#### [Exercise]
What is needed is a faithful copy of all the entries, with no pictures in it.

Supplied material: Begin

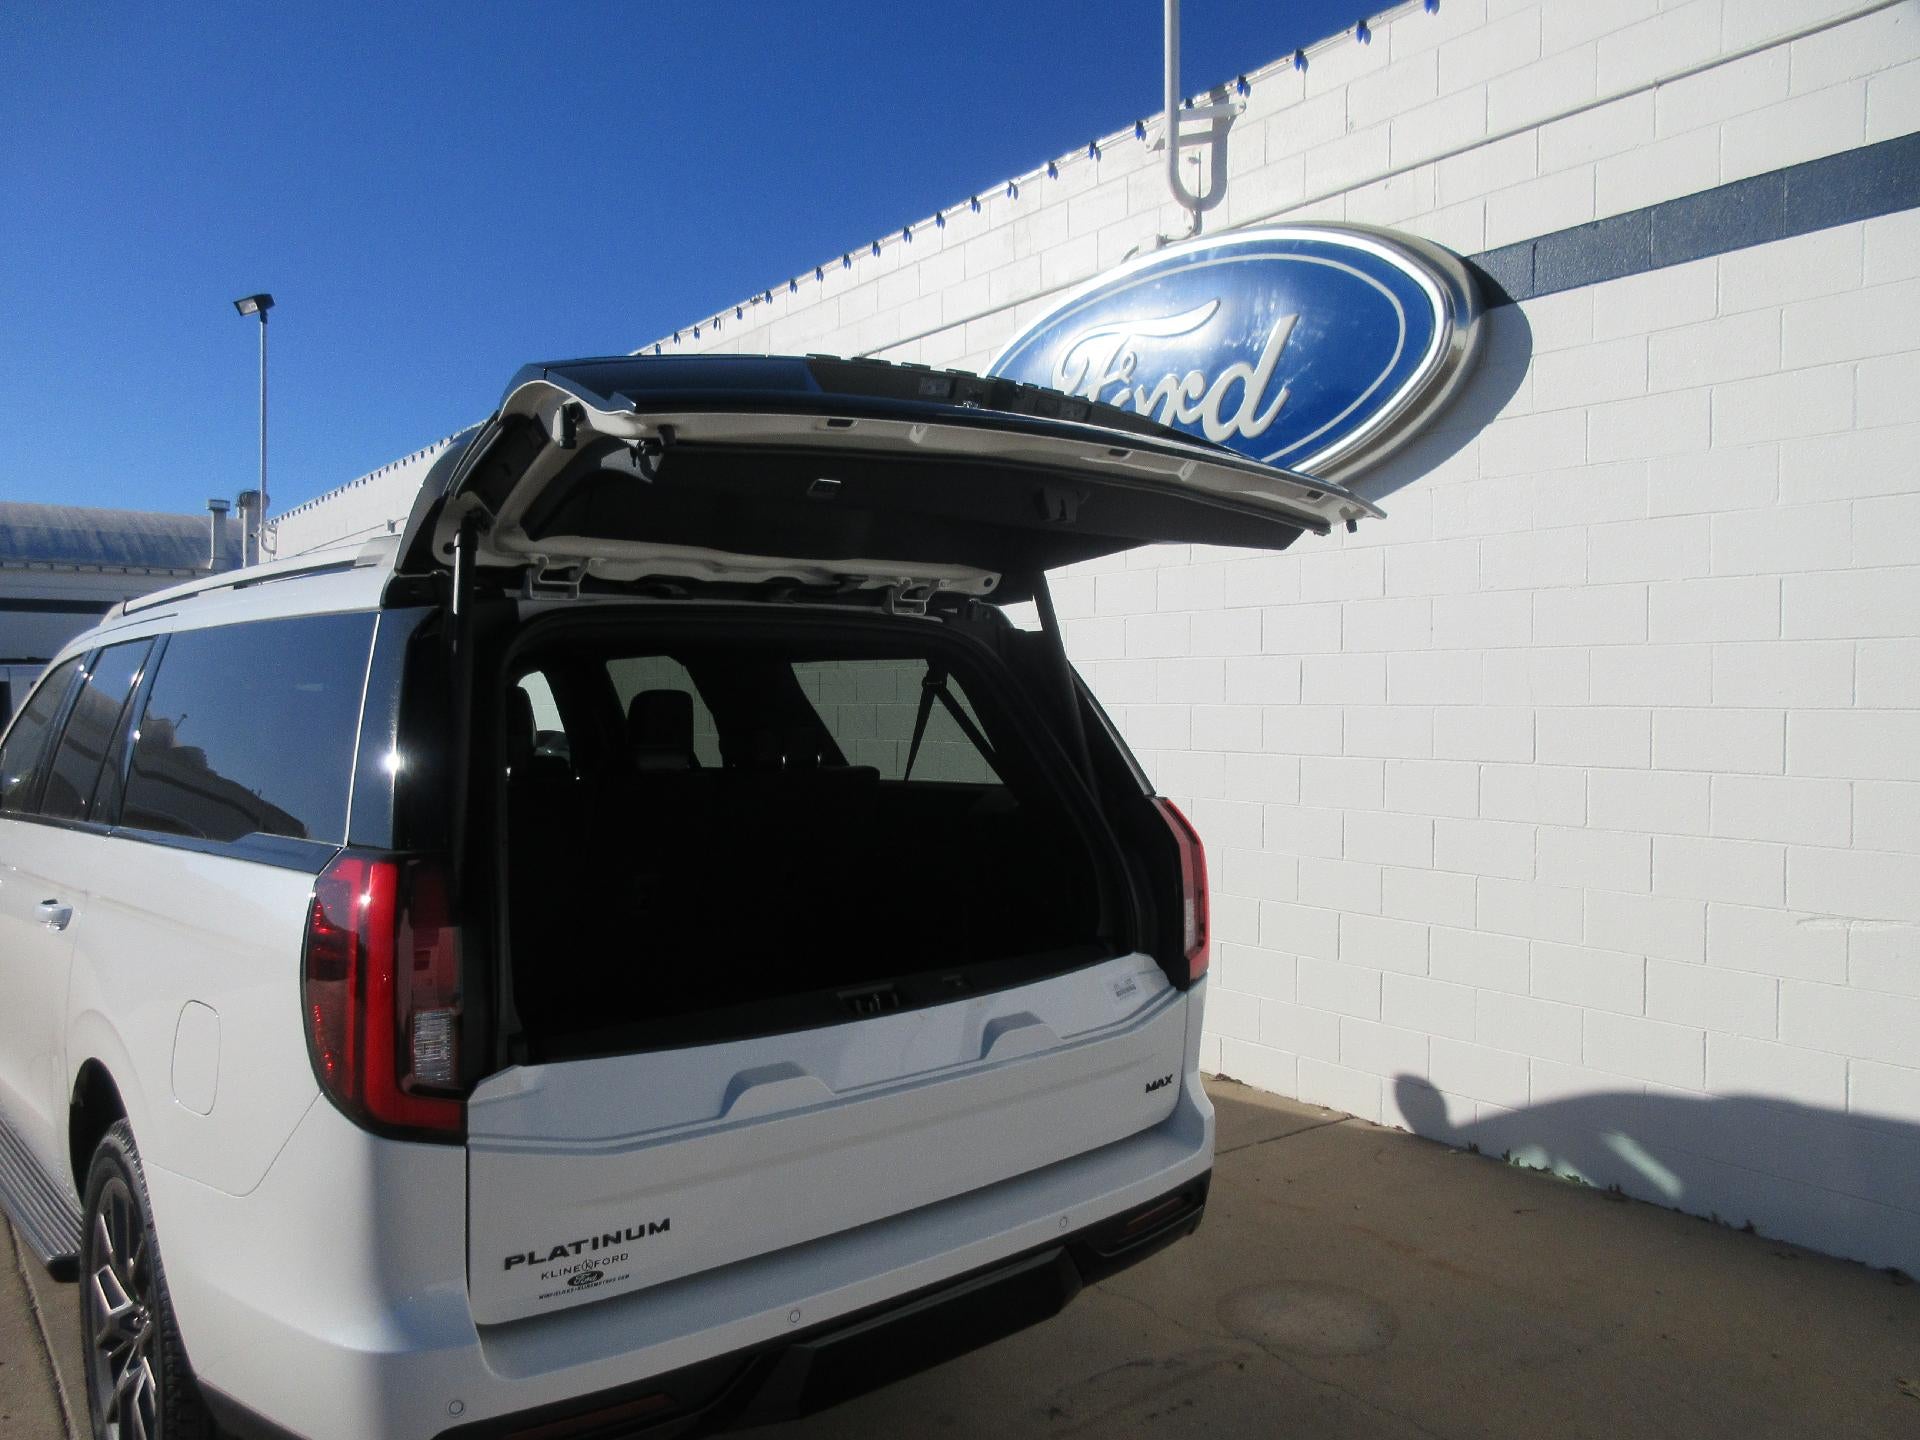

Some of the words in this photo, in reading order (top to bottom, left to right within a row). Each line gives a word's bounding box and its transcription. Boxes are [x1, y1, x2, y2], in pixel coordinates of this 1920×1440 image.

[1145, 1074, 1173, 1093] MAX
[504, 1217, 671, 1270] PLATINUM
[541, 1264, 581, 1280] KLINE
[594, 1253, 629, 1269] FORD

Supplied material: End

#### [Written solution]
Some of the words in this photo, in reading order (top to bottom, left to right within a row). Each line gives a word's bounding box and its transcription. Boxes are [x1, y1, x2, y2], in pixel coordinates of this 1920×1440 image.

[1145, 1074, 1173, 1093] MAX
[504, 1217, 671, 1270] PLATINUM
[541, 1264, 581, 1280] KLINE
[594, 1253, 629, 1269] FORD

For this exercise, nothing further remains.